This article describes a simulation model in which a multiobjective approach is utilized for evolving an artificial neural networks (ANNs) controller for an autonomous mobile robot. A mobile robot is simulated in a 3D, physics-based environment for the RF-localization behavior. The elitist Pareto-frontier Differential Evolution (PDE) algorithm is used to generate the Pareto optimal set of ANNs that could optimize two objectives in a single run; (1) maximize the mobile robot homing behavior whilst (2) minimize the hidden neurons involved in the feed-forward ANN. At testing phase, the generated controllers are tested with a different environment. The testing environment is different from the conducted evolution environment. Interestingly however, the testing results showed some of the mobile robots are still robust to the environment used. The controllers allowed the robots to home in toward the signal source with different paths. © 2008 IEEE.

Item Type: Conference or Workshop Item (UNSPECIFIED)
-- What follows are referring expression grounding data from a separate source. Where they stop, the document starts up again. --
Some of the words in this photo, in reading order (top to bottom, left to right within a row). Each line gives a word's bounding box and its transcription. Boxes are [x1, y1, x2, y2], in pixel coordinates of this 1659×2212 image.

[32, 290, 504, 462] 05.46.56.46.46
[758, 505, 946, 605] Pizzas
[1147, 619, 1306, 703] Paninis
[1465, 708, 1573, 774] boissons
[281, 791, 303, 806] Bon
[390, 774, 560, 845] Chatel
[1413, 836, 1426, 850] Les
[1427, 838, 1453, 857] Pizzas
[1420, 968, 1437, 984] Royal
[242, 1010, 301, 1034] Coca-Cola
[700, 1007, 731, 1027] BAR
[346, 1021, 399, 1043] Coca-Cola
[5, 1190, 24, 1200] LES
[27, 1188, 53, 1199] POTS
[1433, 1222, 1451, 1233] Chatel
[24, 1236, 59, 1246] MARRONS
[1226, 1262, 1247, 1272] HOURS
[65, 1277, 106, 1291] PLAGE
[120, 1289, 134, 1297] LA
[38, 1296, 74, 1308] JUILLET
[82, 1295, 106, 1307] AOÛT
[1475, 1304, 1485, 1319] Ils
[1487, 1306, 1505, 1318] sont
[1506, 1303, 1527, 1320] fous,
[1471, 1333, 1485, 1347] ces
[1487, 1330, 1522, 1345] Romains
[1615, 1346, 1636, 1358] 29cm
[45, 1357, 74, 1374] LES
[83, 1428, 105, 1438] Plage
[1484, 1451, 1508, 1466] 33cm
Keyword: Artificial Neural Networks (ANNs), Evolutionary Multi-objectives (EMO), Evolutionary robotics (ER), Pareto-frontier Differential Evolution (PDE), Radio frequency (RF)-localization
Subjects: T Technology > TJ Mechanical engineering and machinery > TJ1-1570 Mechanical engineering and machinery > TJ210.2-211.47 Mechanical devices and figures. Automata. Ingenious mechanisms. Robots (General)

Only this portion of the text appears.